Road transport can look forward to a safer, efficient, and more viable future with the passing of a law to expand the powers of the Fair Work Commission (FWC), the National Road Transport Association (NatRoad) said today.
Fair Work Legislation Amendment (Closing Loopholes No. 2) Bill 2023 has passed the House of Representatives and will start to become law in days, NatRoad Chief Executive Officer Warren Clark said.
“There are questions about some late amendments to the Bill but on balance, it sets up our industry for a better future,” Mr Clark said.
“It gives the FWC power to make binding orders about minimum standards – things like unfair contracts, charges, cost recovery, and levies.
“Any orders will only be able to be made with industry input and extensive consultation and lead time.
“Crucially, they must have regard for competition and our industry’s viability.
“The hard work starts now to make sure the new law operates as it was designed to.”

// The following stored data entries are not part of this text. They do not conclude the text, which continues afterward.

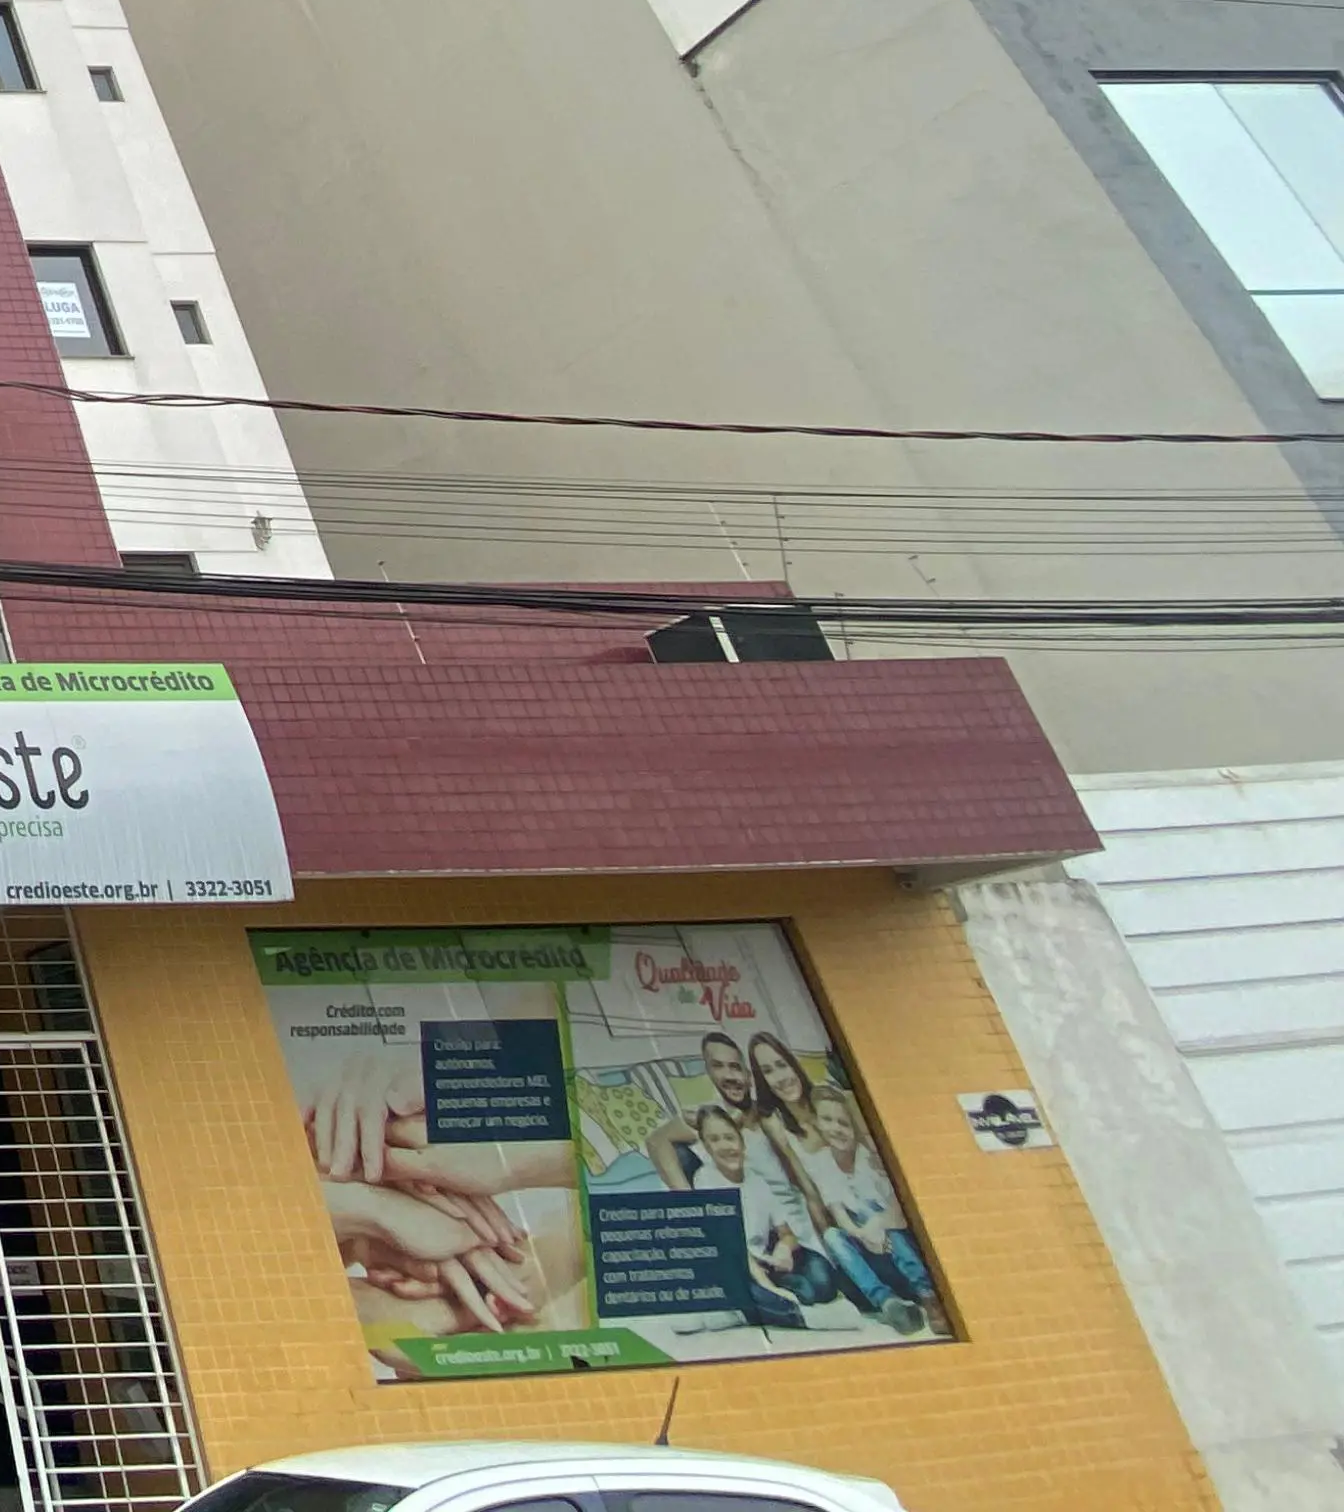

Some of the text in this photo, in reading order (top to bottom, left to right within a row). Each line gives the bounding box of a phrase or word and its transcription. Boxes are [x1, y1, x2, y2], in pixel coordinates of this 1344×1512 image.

[45, 301, 80, 314] LUGA
[21, 672, 53, 692] de
[54, 670, 215, 692] Microcrédito
[6, 879, 272, 901] credioeste.org.br 3322-3051
[276, 945, 587, 977] Agência de Microcrédito
[325, 1004, 405, 1019] Crédito com

Mr Clark said a road transport advisory group within the FWC will be created to consult widely and consider expert input before the framing of any orders.

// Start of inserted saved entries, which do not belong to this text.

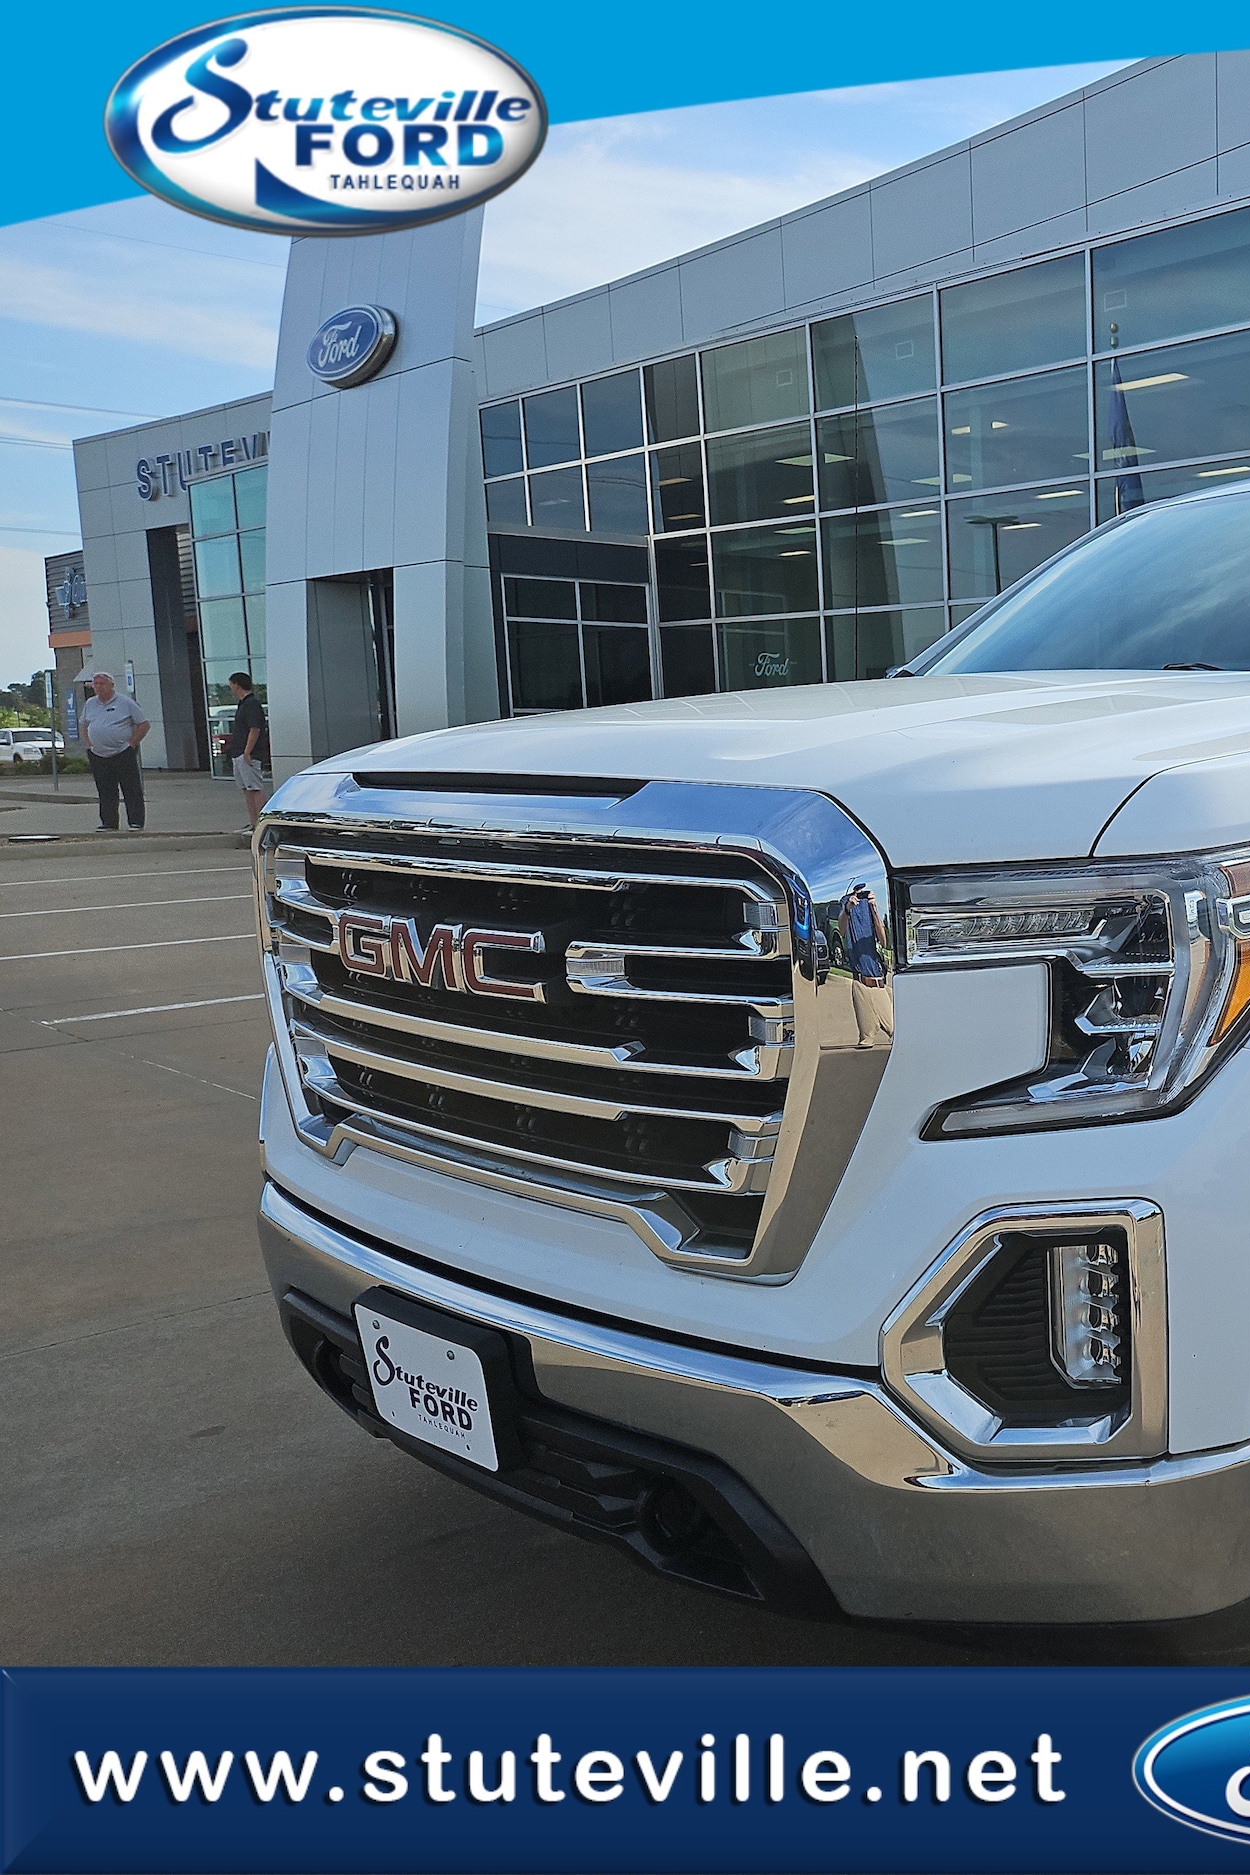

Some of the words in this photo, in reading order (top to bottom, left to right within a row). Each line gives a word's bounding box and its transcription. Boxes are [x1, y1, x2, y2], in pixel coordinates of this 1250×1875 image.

[318, 320, 362, 368] Ford
[754, 652, 790, 677] Ford
[337, 909, 547, 1004] GMC
[373, 1335, 478, 1412] Stuteville
[408, 1386, 473, 1431] FORD
[417, 1414, 466, 1440] TAHLEQUAH

The Government has promised to establish a majority owner drivers sub-committee to advise the FWC about road transport minimum standards.
Mr Clark said NatRoad has questions about some aspects of the law including the so called right to disconnect.

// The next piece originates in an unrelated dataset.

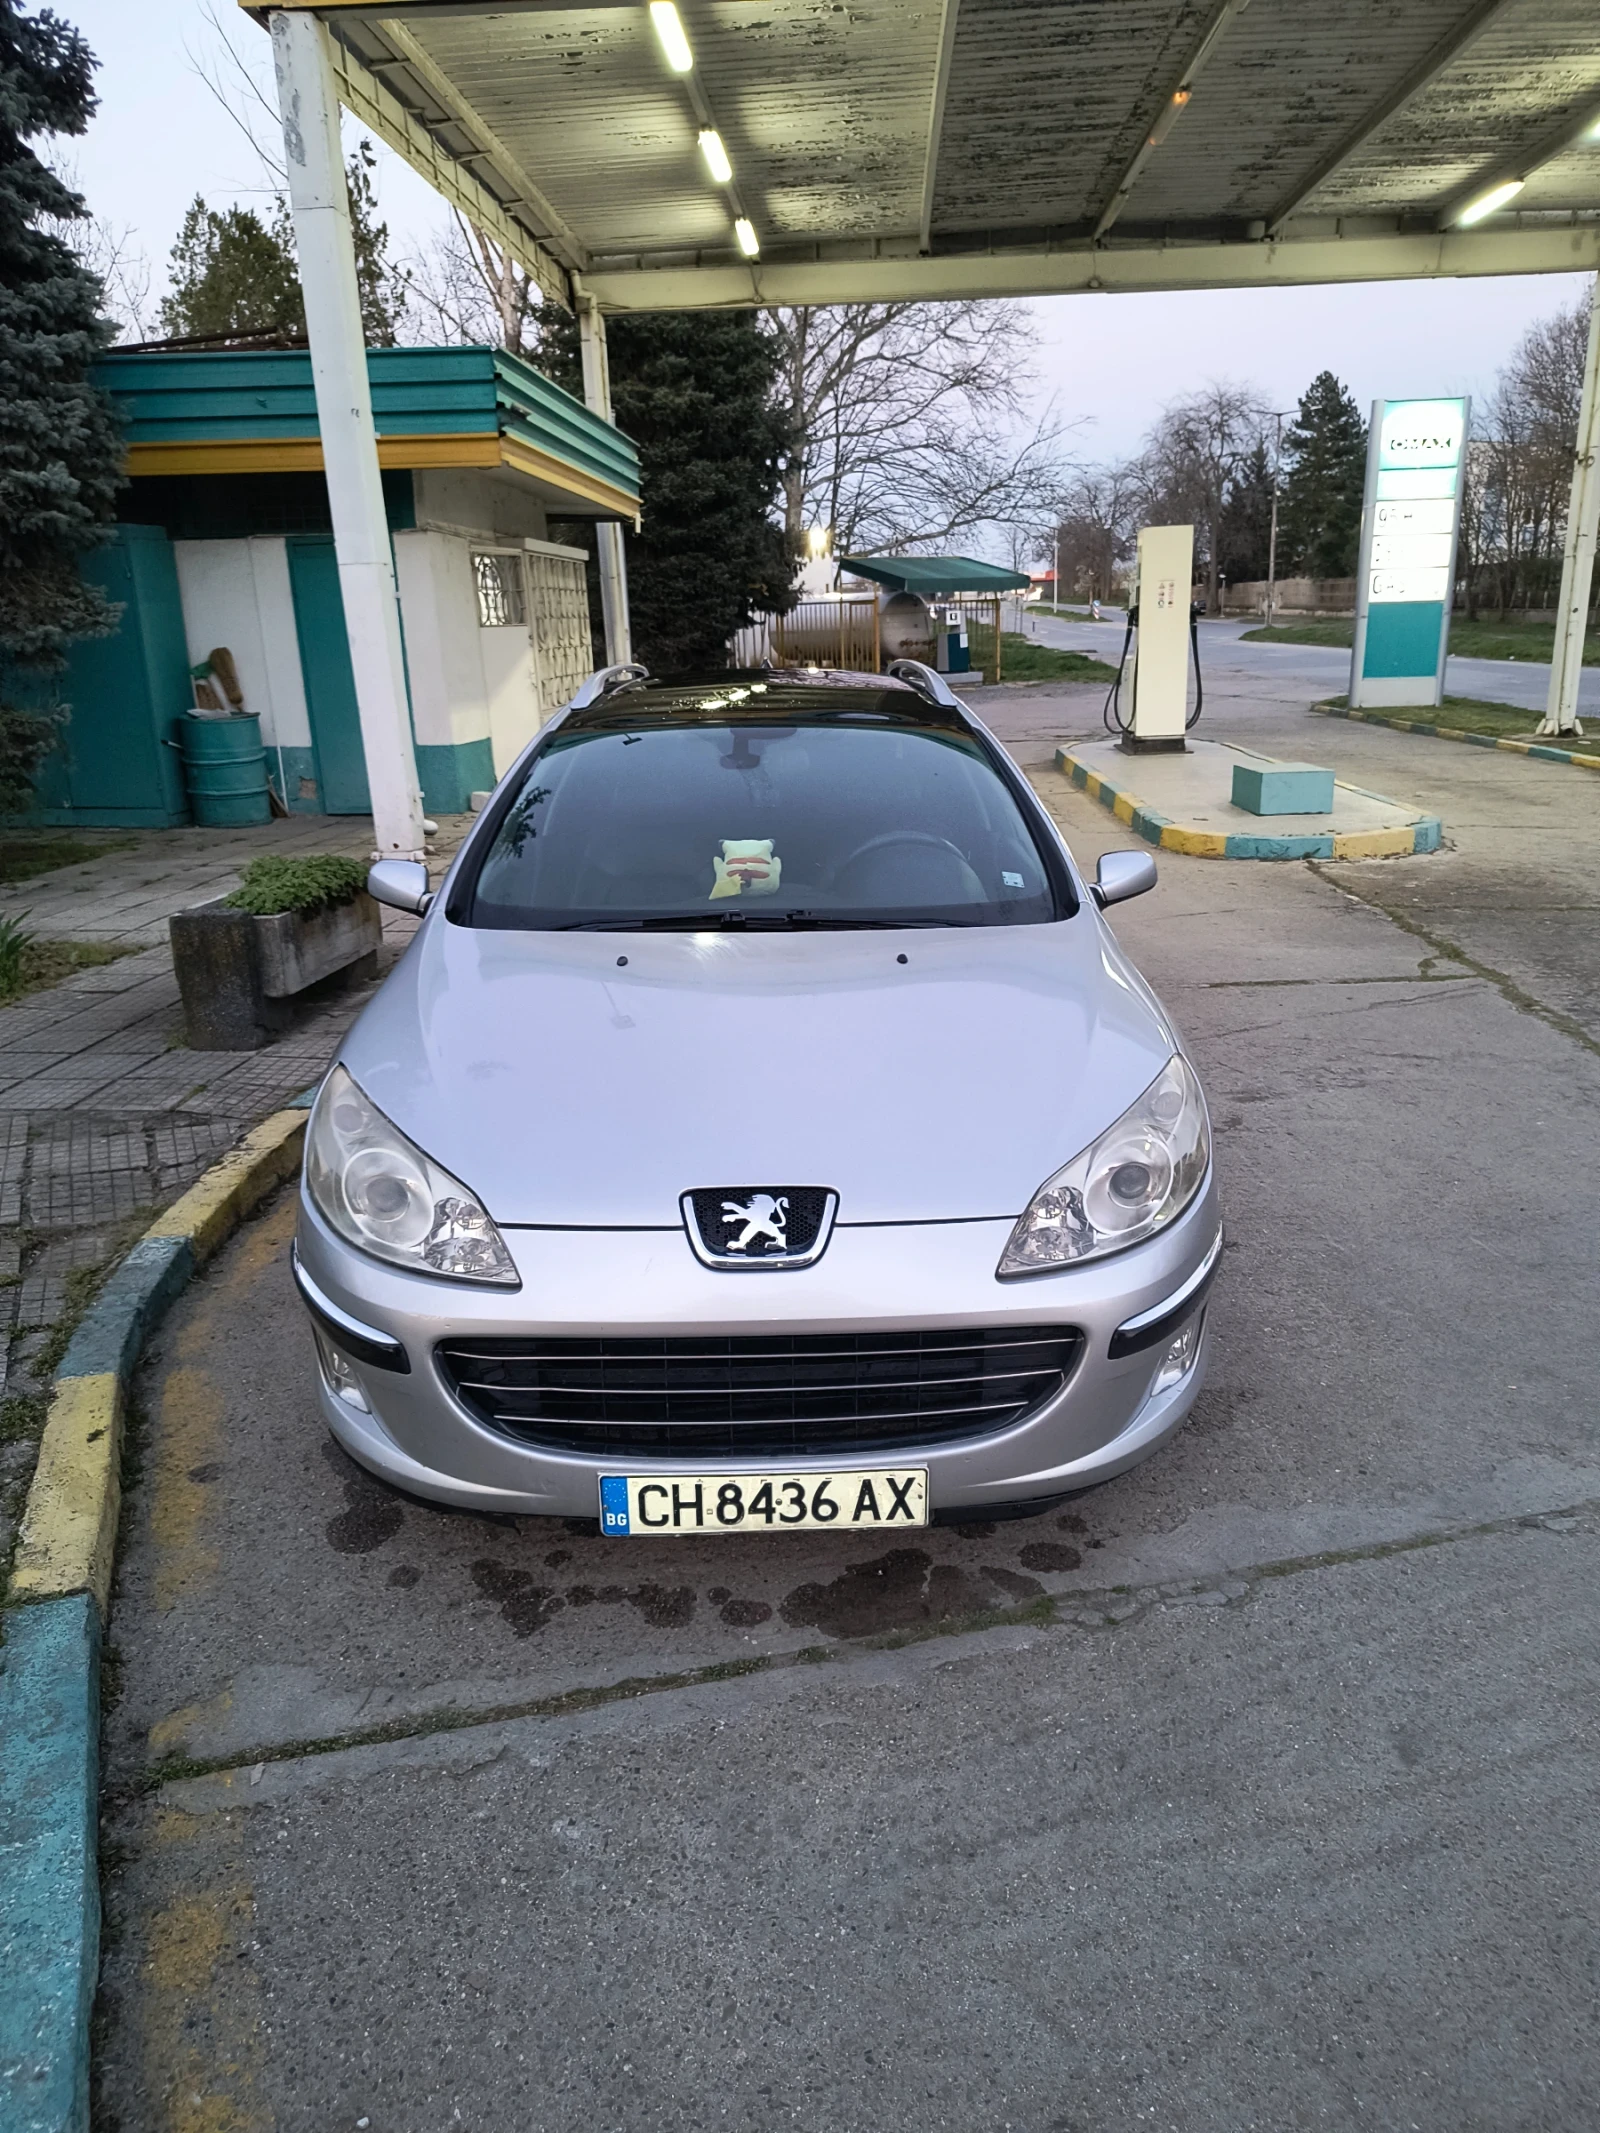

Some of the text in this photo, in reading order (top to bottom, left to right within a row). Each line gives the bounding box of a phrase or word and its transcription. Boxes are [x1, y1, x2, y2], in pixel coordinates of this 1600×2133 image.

[638, 1477, 916, 1527] CH 8436 AX
[606, 1512, 627, 1526] BG

“We note the reference in the legislation to this applying to ‘unreasonable contact’ and that the Government has quite rightly committed to taking out the threat of criminal behaviour.
“Commonsense must prevail with the way this is applied to the road transport sector, especially as safety is a fundamental consideration during long journeys.
“We have questions about the exclusion of livestock road transport from the new powers of the FWC which makes the regulatory environment much more complicated.
“We are concerned about the potential for drivers involved in the livestock freight task being exposed to the same unreasonable contract demands that Fair Work orders will be seeking to eliminate.”